KP: The primary advantage is effortless realism through real-time interaction.
- Real-time, high-quality results: Because the particles are optimized from real-world scans, they capture visual richness and depth that are traditionally difficult and time-consuming to model by hand. Combining 3DGS rendering with interactive modeling enables photorealistic results at interactive speeds.
- Coherent remixing of reality: The seamless painting workflow, along with creative controls such as controlled randomness, allows artists to create organic foliage and realistic structures — including roads, walls, and rail tracks — that appear naturally weathered. This supports rapid 3D prototyping and ideation.
SIGGRAPH: How might artists or creators integrate this system into existing digital art pipelines or interactive content creation?
KP: During our pilot study, animation and visual effects professionals identified several integration opportunities:
- Rapid 3D prototyping: Concept artists can quickly build new worlds with explicit control, offering a strong alternative to prompt-only workflows.
- Modifying photogrammetry: The tool addresses common pain points in editing raw scans, allowing artists to extend, repair, or modify captured environments using a playful, brush-based interface.
- Animation and stop-motion: Participants suggested integrating a timeline to keyframe the painting process, using brush strokes to represent motion over time for cinematic production.
SIGGRAPH: What advice would you give to someone interested in submitting a project to the SIGGRAPH 2026 Real-Time Live! program?
KP: Based on our experience, strong submissions focus on three core pillars:
- Visually compelling results: The demo should read as high quality immediately. Photorealistic results that are uncommon in real-time contexts consistently stand out.
- Fluid and smooth interaction: Real-Time Live! emphasizes the live experience.

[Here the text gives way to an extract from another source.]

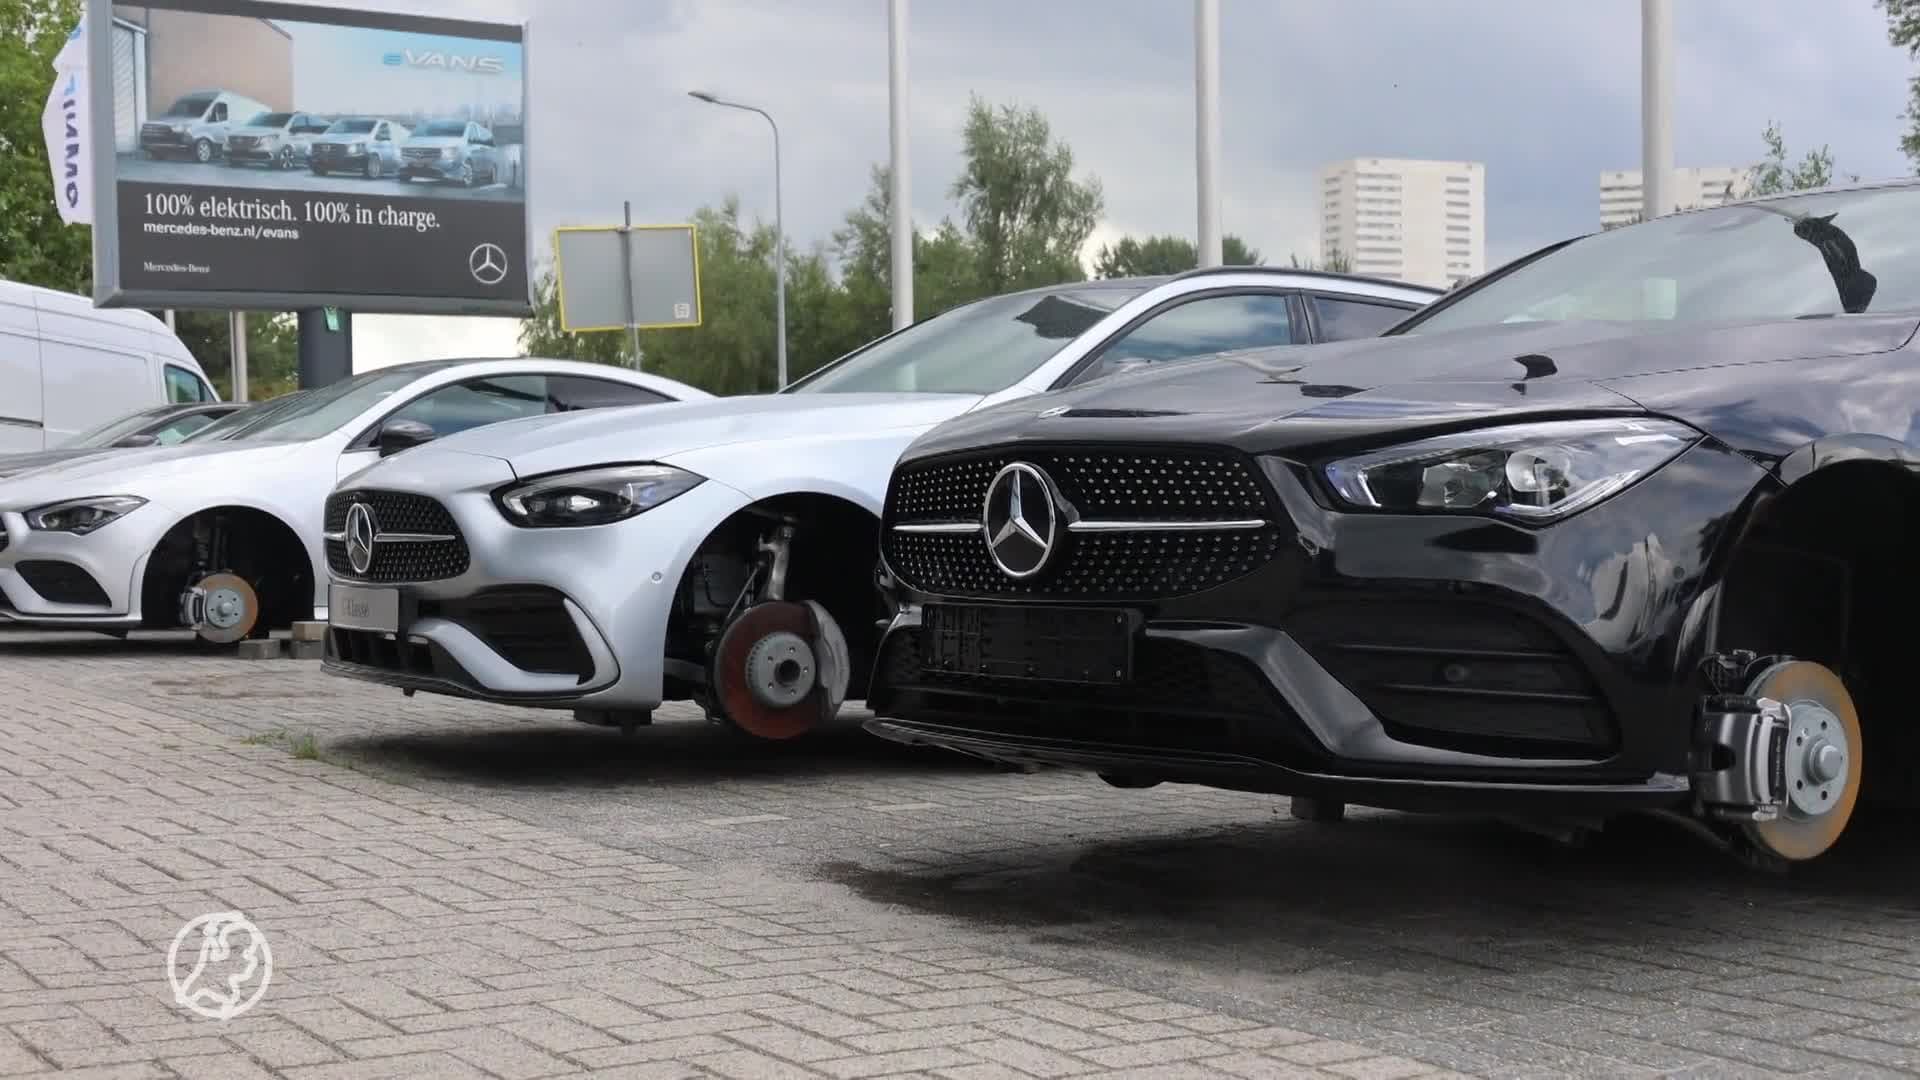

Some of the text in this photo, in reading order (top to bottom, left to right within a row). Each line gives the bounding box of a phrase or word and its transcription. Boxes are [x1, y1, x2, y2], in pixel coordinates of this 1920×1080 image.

[144, 193, 441, 233] 100% elektrisch. 100% in charge.
[143, 221, 300, 240] mercedes-benz.nl/evans
[143, 261, 210, 273] Mercedes-Benz

Interactions should feel seamless, with heavy computation handled in the background.
- A story built around new capabilities: Tell a clear, engaging story that demonstrates something previously impossible — such as the ability to literally pick up and paint with reality itself.
This demo showcases a new way to create — painting with captured reality in real time, without meshes or textures. If this inspired you, there’s still time to submit your own work to SIGGRAPH 2026 Real-Time Live!.

Karran Pandey is a fourth year CS Ph.D. student at the University of Toronto advised by Karan Singh. His research focuses on interactive tools and representations for visual creation, editing and exploration. He generally works with artistic graphical representations (such as sketches, 3D models, images and videos), and enjoys designing interactive graphics workflows for creative tasks that are convenient, intuitive, and fun.